Recognition: no theorem link
PinpointQA: A Dataset and Benchmark for Small Object-Centric Spatial Understanding in Indoor Videos
Pith reviewed 2026-05-15 06:33 UTC · model grok-4.3
The pith
PinpointQA is the first dataset to test precise localization of small objects in indoor videos for AI models.
A machine-rendered reading of the paper's core claim, the machinery that carries it, and where it could break.
Core claim
PinpointQA is built from 1,024 scenes and includes 10,094 QA pairs generated from intermediate spatial representations in indoor videos. The questions are divided into Target Presence Verification, Nearest Reference Identification, Fine-Grained Spatial Description, and Structured Spatial Prediction. Representative multimodal models exhibit a capability gap that widens along this chain of tasks, with Structured Spatial Prediction proving particularly difficult. Supervised fine-tuning on the dataset leads to substantial improvements, especially on the harder tasks.
What carries the argument
The four progressively challenging tasks that require increasing precision in localizing and describing small target objects within video frames.
If this is right
- Models succeeding on the final task would support more reliable object search and assistive applications.
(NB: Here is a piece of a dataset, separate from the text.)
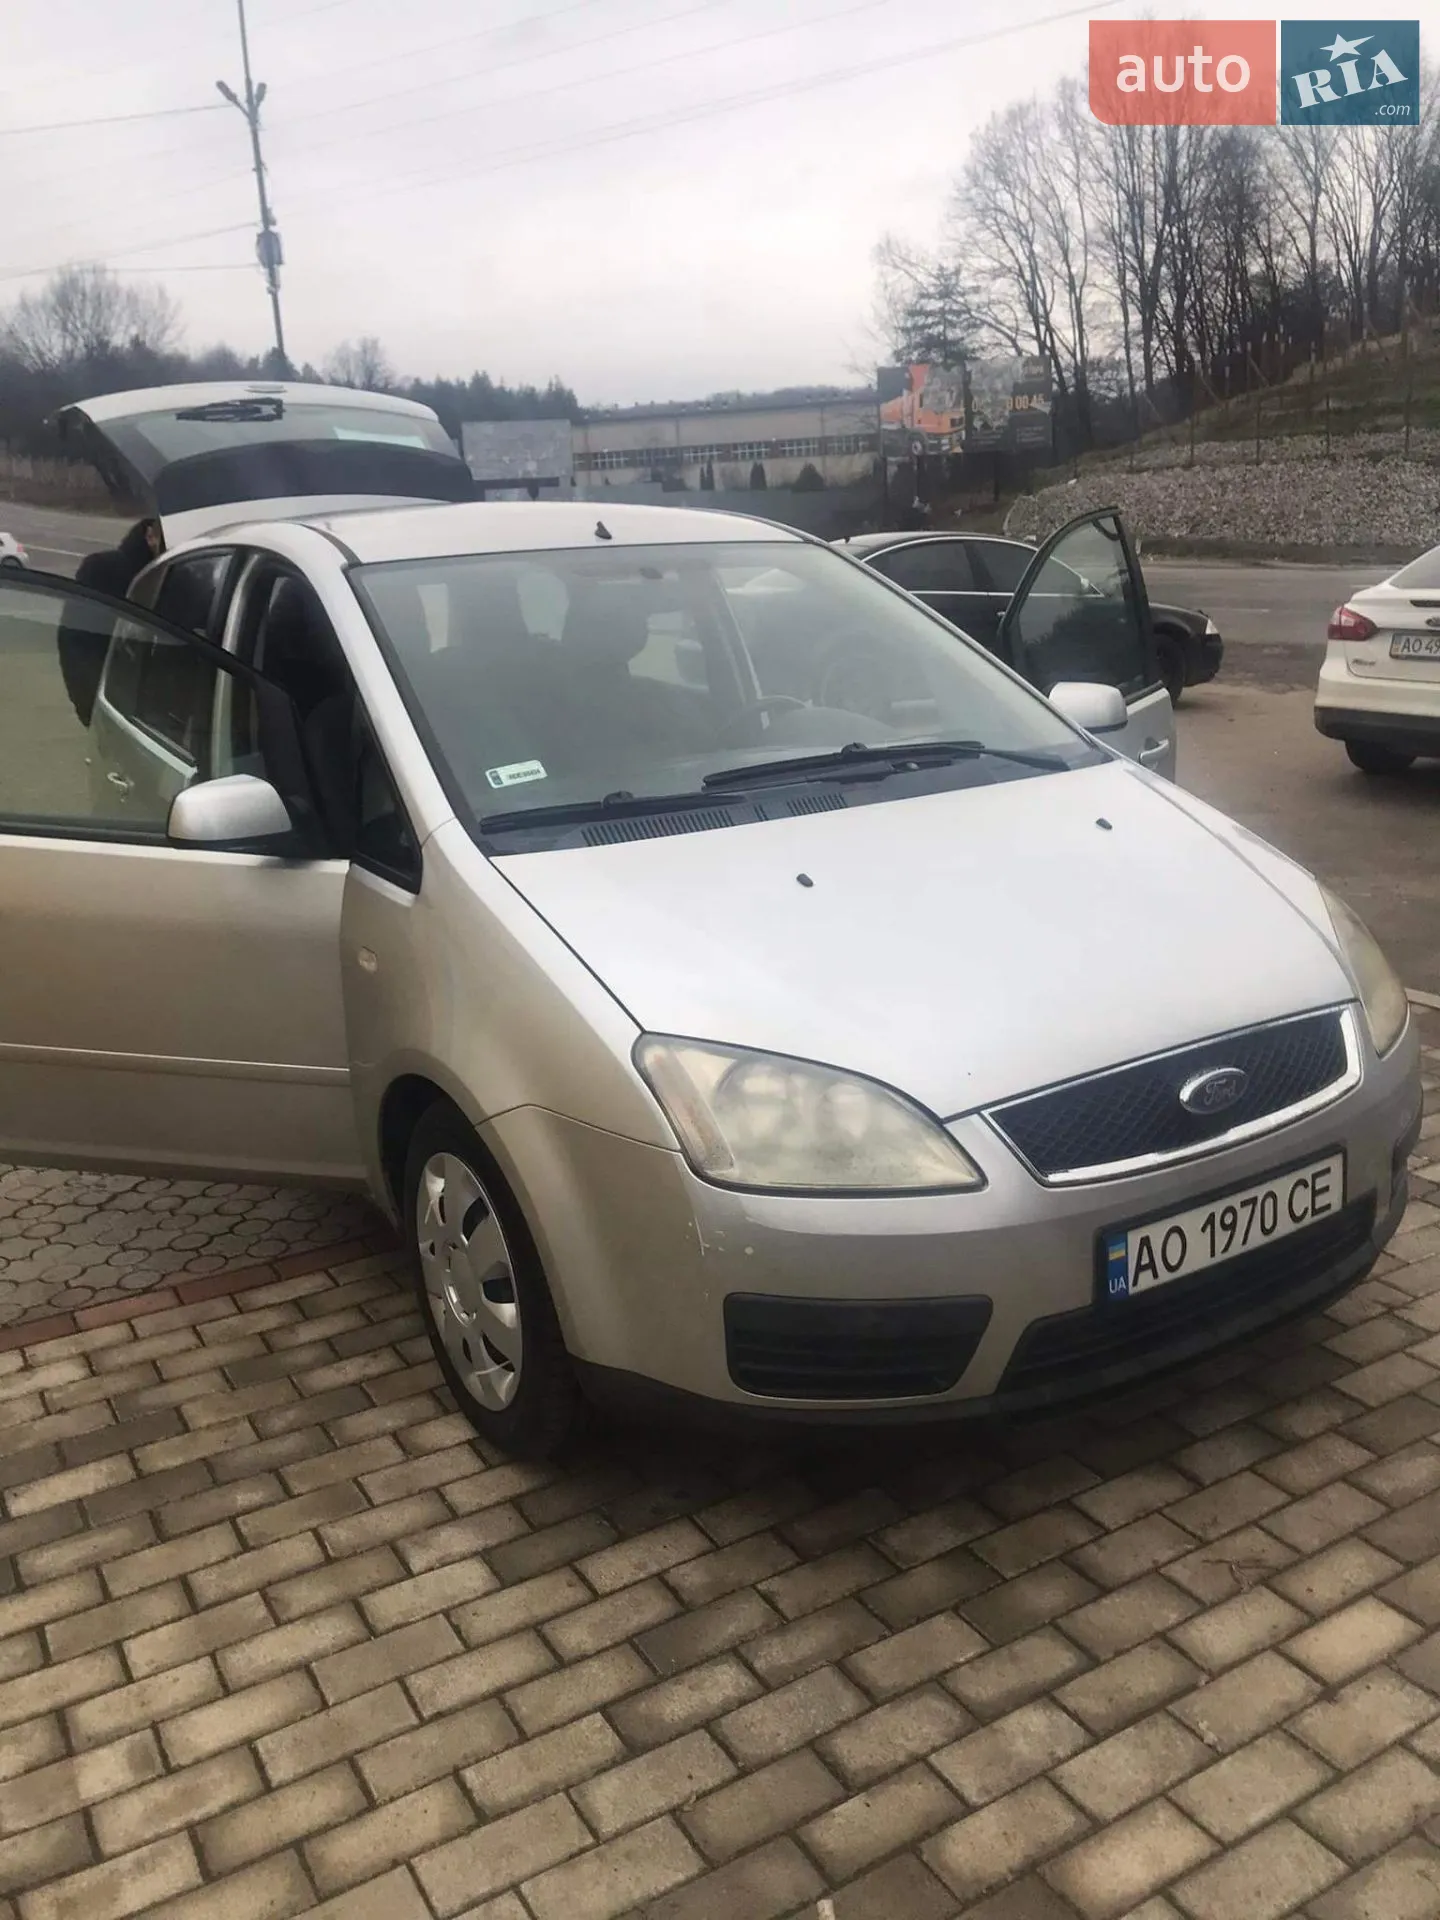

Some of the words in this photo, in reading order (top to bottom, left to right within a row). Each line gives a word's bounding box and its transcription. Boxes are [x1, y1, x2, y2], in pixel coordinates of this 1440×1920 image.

- Fine-tuning with these questions strengthens spatial reasoning in multimodal models.
- The revealed gaps indicate specific areas where current video understanding architectures fall short.
- The automatic generation method supports creating additional similar evaluation data at scale.
Where Pith is reading between the lines
- Applying the same task structure to outdoor or moving scenes could reveal whether the observed gaps persist in more varied settings.
- Integrating PinpointQA-style training into robot systems might improve their ability to locate and interact with small items in real homes.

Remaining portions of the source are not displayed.